Barbara Loe Fisher, by contrast, is indisputably the movement’s brain. Fisher is the cofounder and president of the National Vaccine Information Center in Vienna, Virginia, the largest, oldest, and most influential of the watchdog groups that oppose universal vaccination. At the Autism One conference, Fisher took the podium with characteristic flair. As she often does, Fisher began with the story of her son Chris, who she believes was damaged by vaccines at the age of two and a half. A short film featuring devastating images of sick kids — some of them seemingly palsied, others with tremors, others catatonic — drove the point home. The film, accompanied by Bryan Adams’ plaintive song “(Everything I Do) I Do It For You,” ended with this message emblazoned on the screen: “All the children in this video were injured or killed by mandatory vaccinations.”
Against this backdrop, Fisher, a skilled debater who often faces down articulate, well-informed scientists on live TV, mentioned Offit frequently.
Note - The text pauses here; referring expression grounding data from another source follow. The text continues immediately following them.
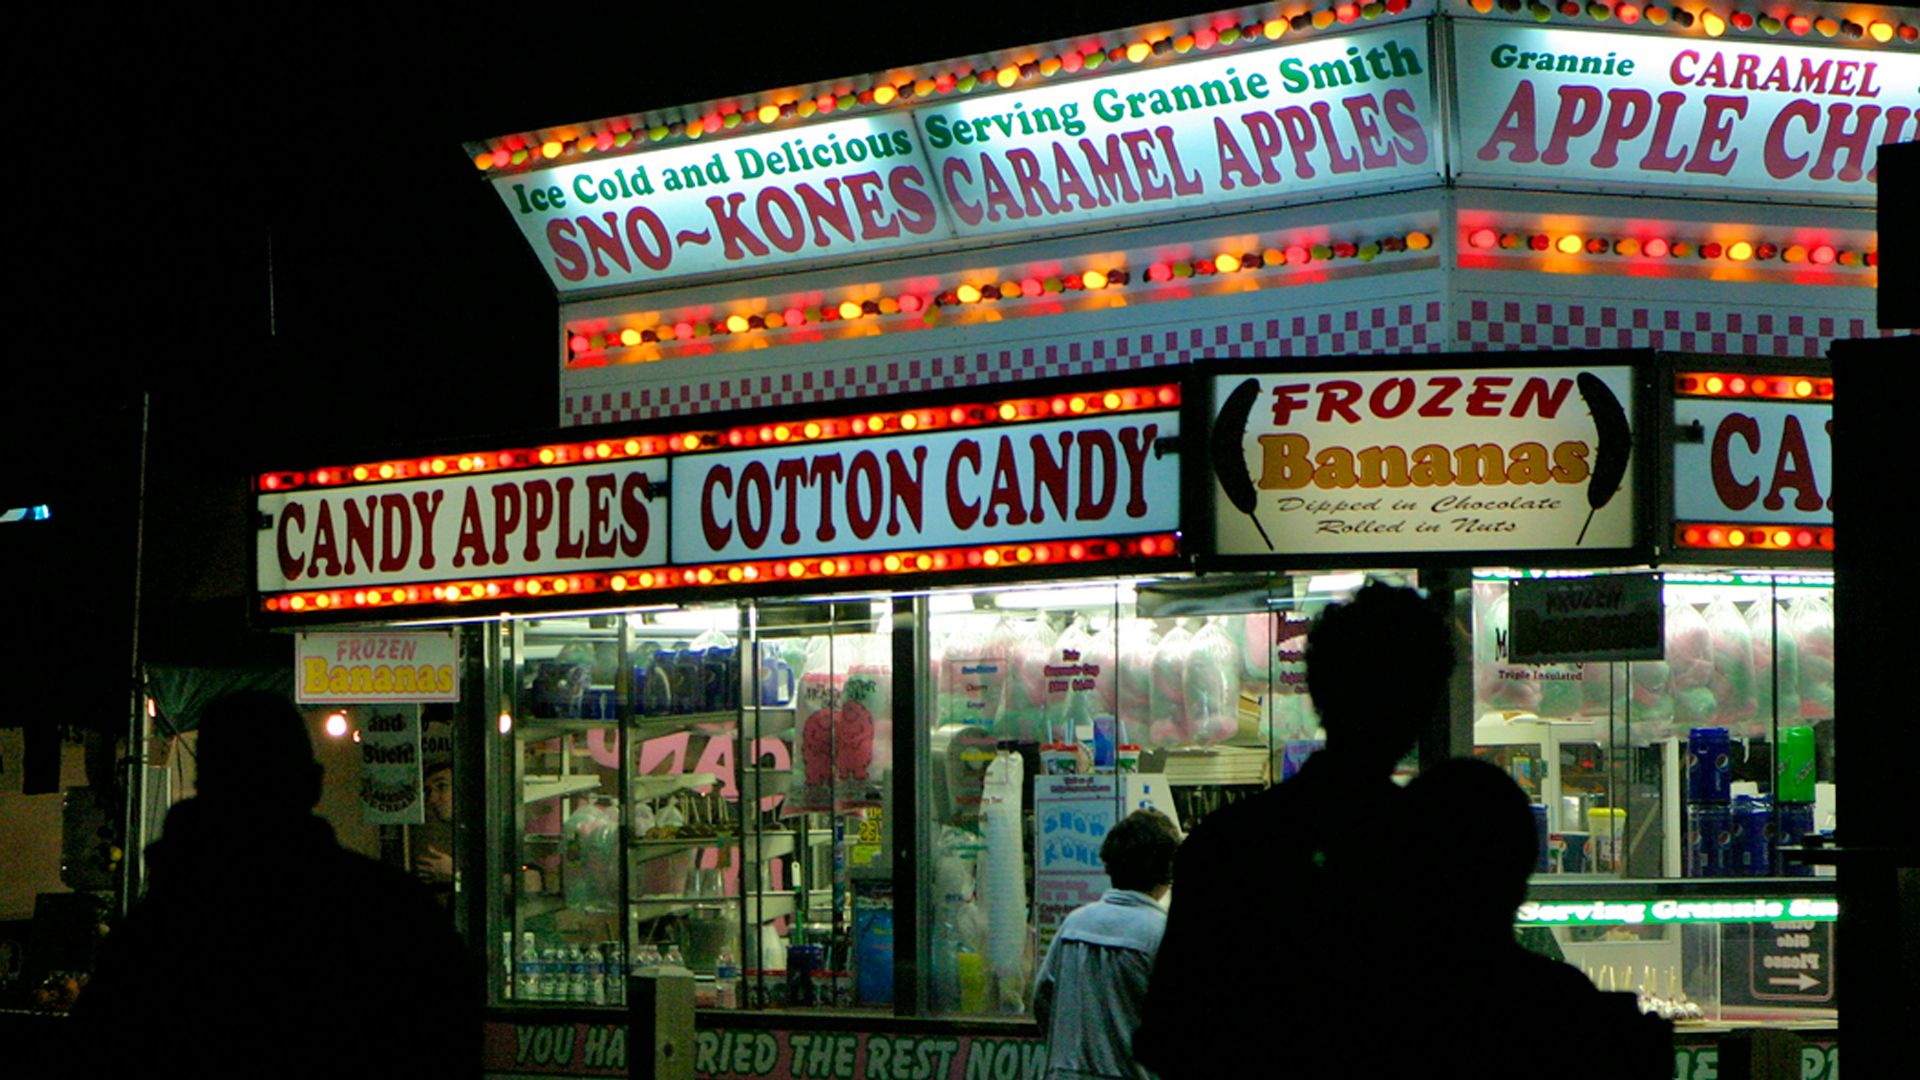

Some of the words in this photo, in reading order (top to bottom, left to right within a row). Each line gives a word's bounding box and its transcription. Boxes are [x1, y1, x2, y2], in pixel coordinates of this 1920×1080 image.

[1490, 43, 1635, 78] Grannie
[1669, 49, 1881, 98] CARAMEL
[925, 100, 1087, 149] Serving
[1093, 66, 1269, 123] Grannie
[1280, 39, 1424, 94] Smith
[1476, 79, 1748, 176] APPLE
[1763, 98, 1920, 183] CHI
[512, 182, 564, 214] Ice
[573, 164, 655, 204] Cold
[664, 153, 731, 191] and
[735, 127, 912, 180] Delicious
[942, 125, 1204, 227] CARAMEL
[1213, 88, 1429, 191] APPLES
[1270, 376, 1575, 426] FROZEN
[1257, 432, 1591, 491] Bananas
[1711, 411, 1833, 512] CA
[700, 445, 928, 551] COTTON
[945, 423, 1158, 531] CANDY
[1276, 496, 1383, 514] Dipped
[1391, 499, 1417, 511] in
[1429, 495, 1562, 513] Chocolate
[277, 489, 444, 581] CANDY
[452, 471, 651, 567] APPLES
[1315, 519, 1406, 535] Rolled
[1414, 520, 1442, 533] in
[1450, 517, 1518, 534] Nuts
[336, 638, 417, 662] FROZEN
[302, 655, 454, 696] Bananas
[1498, 669, 1531, 681] Triple
[1533, 670, 1583, 681] Insulated
[367, 712, 406, 732] and
[1043, 836, 1103, 868] KONE
[1517, 901, 1647, 923] Serving
[1651, 899, 1784, 919] Grannie
[1789, 899, 1838, 917] Sm
[515, 1025, 576, 1066] YOU
[584, 1026, 628, 1068] HA
[695, 1030, 778, 1076] RIED
[789, 1034, 857, 1079] THE
[866, 1035, 958, 1080] REST
She called him the leading “pro-forced-vaccination proponent” and cast him as a man who walks in lockstep with the pharmaceutical companies and demonizes caring parents. With the likely introduction of a swine flu vaccine later this year, Fisher added, Americans needed to wake up to the “draconian laws” that could force every citizen to either be vaccinated or quarantined. That isn’t true — the swine flu vaccine, like other flu vaccines, will be administered on a voluntary basis. But no matter: Fisher’s argument turns vaccines from a public health issue into one of personal choice, an unwritten bit of the Bill of Rights.
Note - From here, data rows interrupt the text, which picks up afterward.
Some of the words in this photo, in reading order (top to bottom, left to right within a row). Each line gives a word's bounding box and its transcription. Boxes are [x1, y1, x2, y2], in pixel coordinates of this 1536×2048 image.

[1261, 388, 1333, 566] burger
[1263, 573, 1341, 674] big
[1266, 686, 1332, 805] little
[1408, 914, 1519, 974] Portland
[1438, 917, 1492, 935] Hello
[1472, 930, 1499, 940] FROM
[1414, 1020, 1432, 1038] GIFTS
In her speech, Fisher borrowed from the Bible, George Orwell, and the civil rights movement. “The battle we are waging,” she said, “will determine what both health and freedom will look like in America.” She closed by quoting the inscription above the door of the Holocaust Memorial Museum in Washington, DC: “The first to perish were the children.” And then she brought it home: “If we believe in compassion, if we believe in the future, we will do whatever it takes to give our children back the future that is their birthright.” The audience cheered as the words sank in: Whatever it takes. “No forced vaccination,” Fisher concluded. “Not in America.”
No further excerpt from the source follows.